ABOUT THIS EXERCISE: Images are to be omitted, and the rest of the records reproduced exactly.

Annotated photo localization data
▬▬▬▬▬▬▬▬▬▬
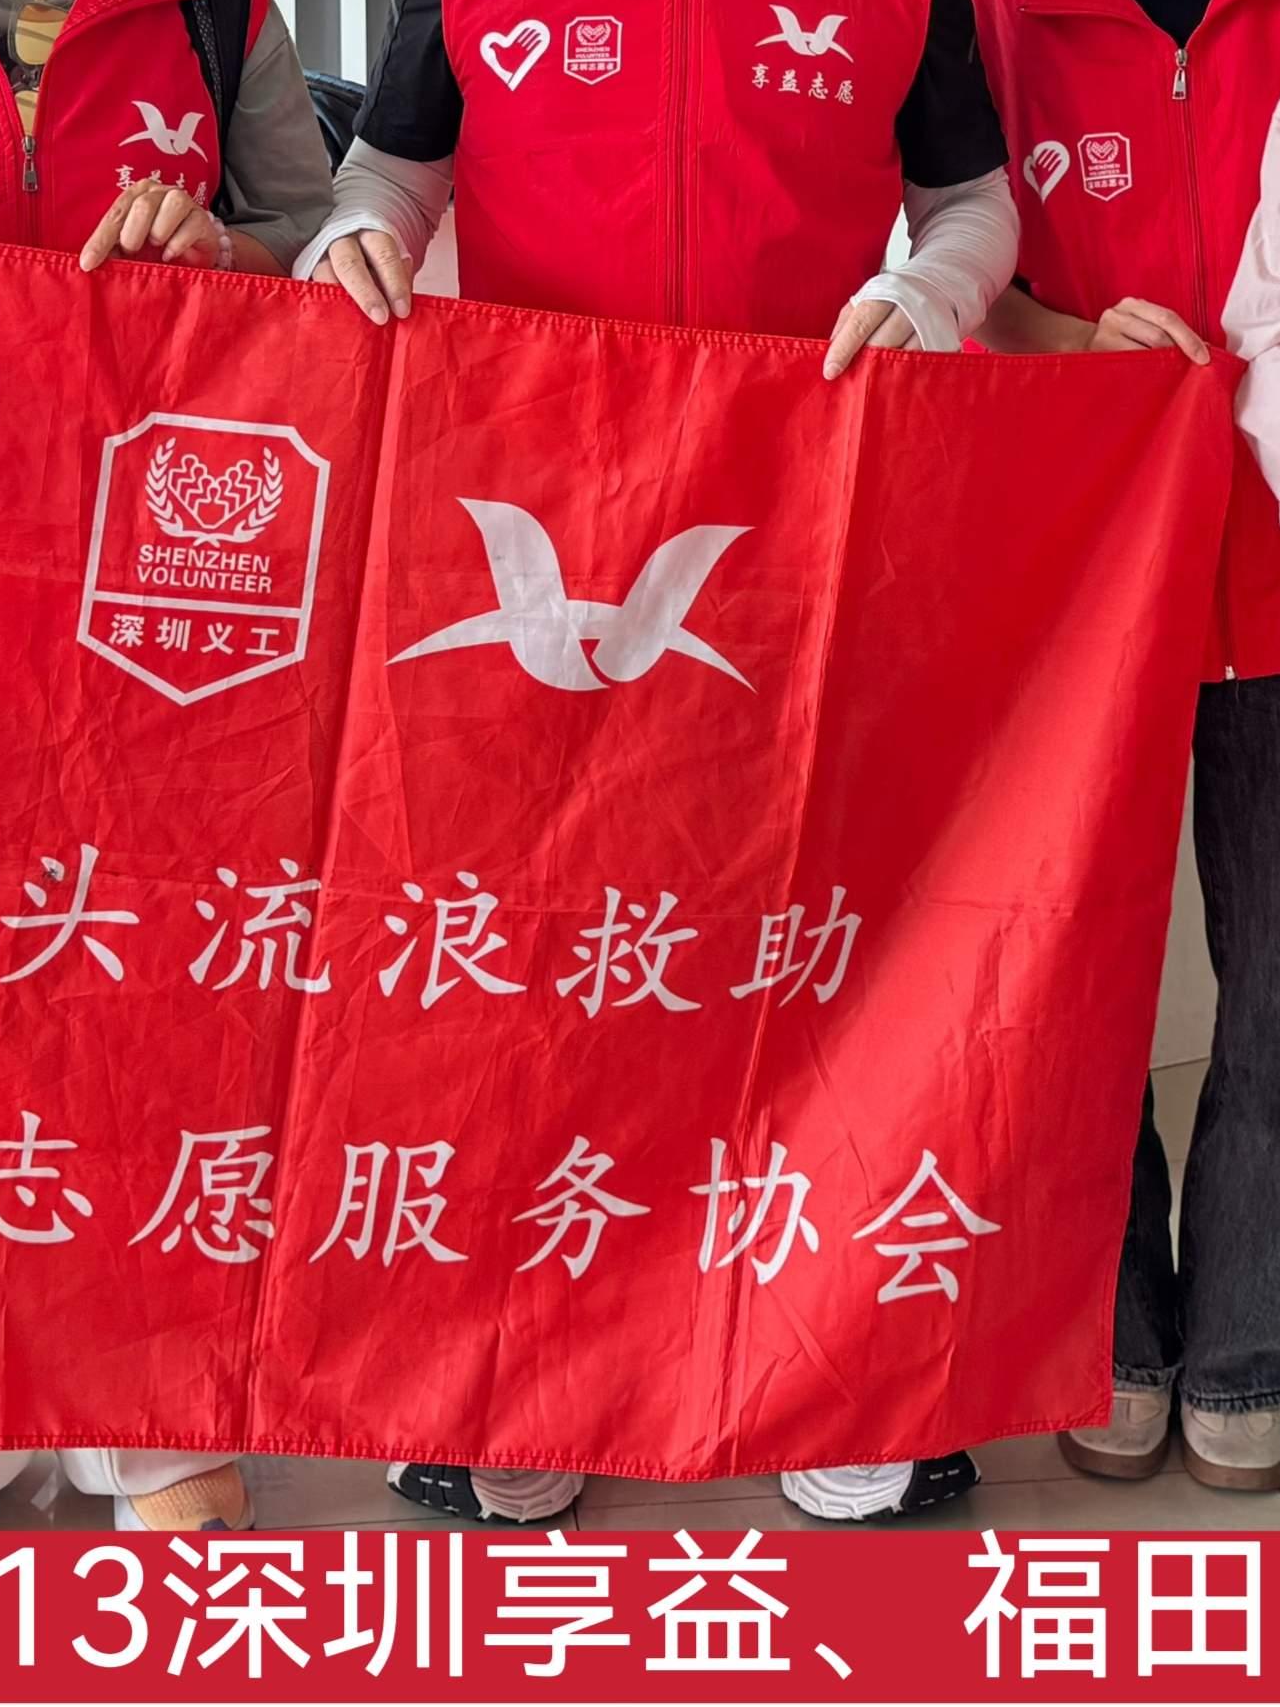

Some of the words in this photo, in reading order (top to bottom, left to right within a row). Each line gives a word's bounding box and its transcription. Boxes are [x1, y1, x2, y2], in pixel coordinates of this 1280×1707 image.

[751, 62, 855, 106] 享益志愿
[138, 543, 271, 574] SHENZHEN
[136, 564, 273, 595] VOLUNTEER
[107, 612, 281, 657] 深圳义工
▬▬▬▬▬▬▬▬▬▬
ANSWER FOR THE TASK:
Some of the words in this photo, in reading order (top to bottom, left to right within a row). Each line gives a word's bounding box and its transcription. Boxes are [x1, y1, x2, y2], in pixel coordinates of this 1280×1707 image.

[751, 62, 855, 106] 享益志愿
[138, 543, 271, 574] SHENZHEN
[136, 564, 273, 595] VOLUNTEER
[107, 612, 281, 657] 深圳义工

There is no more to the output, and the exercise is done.